A seven-year-old Australian boy who was declared dead of hypothermia has spoken about how he lived to tell the tale.
Julian Hohnen accompanied his father Maike and friend Stephen Jeacock on an overnight fishing trip off the Sunshine Coast in June.
All was going well until the anchor became tangled around the boat's propeller, pulling the rear of the vessel underwater.
Hohnen woke up in the middle of the night because his feet were wet, which he quickly realised was because the boat was sinking. The flares and life jackets had drifted away, leaving the trio with nothing in the way of floatation devices but two white buckets.
Jeacock managed to hold onto his phone and call emergency services, but poor weather conditions meant the group had to wait until 6am for a rescue helicopter.
Hohnen and his son clung to one of the buckets for six hours, grappling with both waves and the threat of sharks, which are common off the coast of Queensland.
At first Julian comforted his distressed father, telling him "It will be alright dad". But after a while in the freezing water, the boy stopped talking and was struggling to breathe.

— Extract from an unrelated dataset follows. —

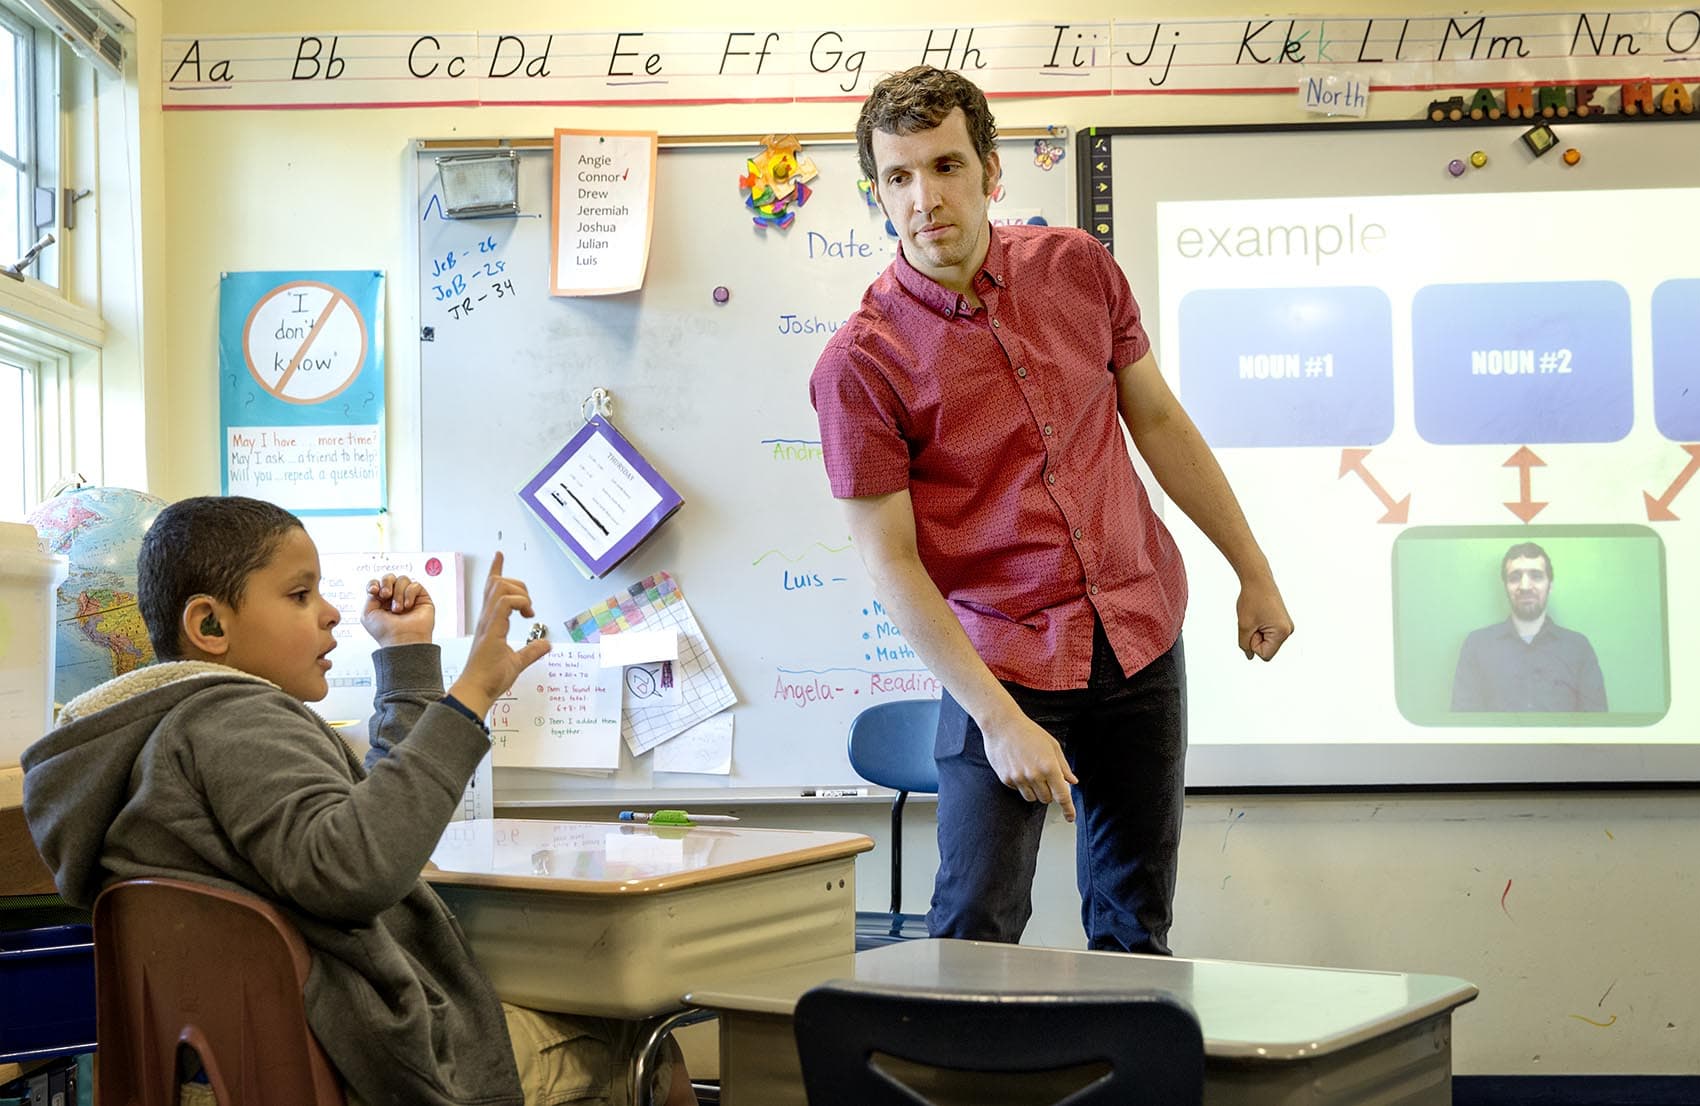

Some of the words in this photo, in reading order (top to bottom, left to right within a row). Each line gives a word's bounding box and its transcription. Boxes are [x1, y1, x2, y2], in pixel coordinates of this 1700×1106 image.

"He was in a very, very bad shape, and I thought it would have been minutes," Hohnen told Australian current affairs programme Sunday Night, before revealing that had his son died he would have joined him.
"[I thought] if he stops breathing, I just let the bucket go. I know if he goes, I'm going with him."
Julian was "within minutes of dying" when a rescue helicopter finally arrived, and things weren't looking good for the boy. Medics found he had no pulse and had been medically dead for almost four minutes.
Once he arrived at Queensland Children's Hospital he was placed in an induced coma, where he was expected to suffer brain damage if he survived at all.
Miraculously Julian woke up after 18 hours and has made a full recovery.
He told Sunday Night that when his classmates at school ask about his near-death experience, he tells them: "You can look on the news."